Hi,
Is there any code line in my loss function to break backpropagation? Because, after started training, loss value plays around the started value, not changed dramatically.
I could not find why.
Thanks in advance.
I can’t see any line of code, which would detach a tensor from the graph.
If you are concerned about detaching, you could check the .grad attribute of all parameters after the backward call. If they contain valid values, your graph wasn’t detached, and I would recommend to try to overfit a small data sample as a quick test.
It returns None. Is it normal?
I checked it with a predefined loss function. Training loss value are decreasing as planned but loss.grad is still None.
Should I write .grad for the network model layers? I could not understand what all parameters mean.
Also, my dataset is small. 500 training, 250 validation and 250 test samples.
When I use the big dataset, the loss value still does not decrease.
The grad attribute will be retained for leaf variables by default.
If you want to print them for the loss, you would need to call loss.retain_grad() before calling loss.baclward().

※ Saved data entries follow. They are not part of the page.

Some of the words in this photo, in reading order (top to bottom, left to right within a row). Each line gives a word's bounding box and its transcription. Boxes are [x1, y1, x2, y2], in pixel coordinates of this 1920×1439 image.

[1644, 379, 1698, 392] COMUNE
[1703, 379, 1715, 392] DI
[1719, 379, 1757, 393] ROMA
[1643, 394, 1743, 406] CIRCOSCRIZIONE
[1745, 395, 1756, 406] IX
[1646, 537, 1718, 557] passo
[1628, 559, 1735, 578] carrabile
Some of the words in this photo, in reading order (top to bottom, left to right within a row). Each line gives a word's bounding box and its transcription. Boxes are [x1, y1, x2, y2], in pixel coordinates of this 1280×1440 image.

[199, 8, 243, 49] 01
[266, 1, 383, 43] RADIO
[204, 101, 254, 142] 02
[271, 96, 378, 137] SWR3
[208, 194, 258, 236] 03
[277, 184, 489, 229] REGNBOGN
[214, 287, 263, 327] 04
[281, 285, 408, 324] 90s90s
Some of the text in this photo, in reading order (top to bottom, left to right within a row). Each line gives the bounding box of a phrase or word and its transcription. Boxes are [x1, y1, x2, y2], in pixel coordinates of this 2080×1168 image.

However, note that this gradient will be 1. by default, if you didn’t pass any manual gradient argument to loss.backward(gradient=).
Here is a small example:
model = models.resnet18()
x = torch.randn(1, 3, 224, 224)
target = torch.zeros(1).long()
criterion = nn.CrossEntropyLoss()
out = model(x)
loss = criterion(out, target)
loss.retain_grad() # use this to print the grad
loss.backward()
print(loss.grad)
> tensor(1.)
To print the gradient of all parameters, you could use this code snippet after calling backward:
# print grads of all parameters
for name, param in model.named_parameters():
print(name, param.grad.abs().max())
@ptrblck hi again,
as you said, loss.grad returns 1. However, the gradient of the parameters seems there are some problems.
All parameters have the same weight and bias regardless of the epoch except FC.bias tensor.
At least, they seem same but I used your code that mentioned here:
Many parameters have been printed so it means there are some changes between new and old state but it is so small for example:
It might be the reason and as explained in the other topic, the sign method could kill the gradients.
You could try to increase the learning rate and compare how large the updates would get (you can of course also increase the learning rate for a specific parameter set only).
Alternatively, you could try to use smooth approximations of the sign function, which wouldn’t yield a zero gradient.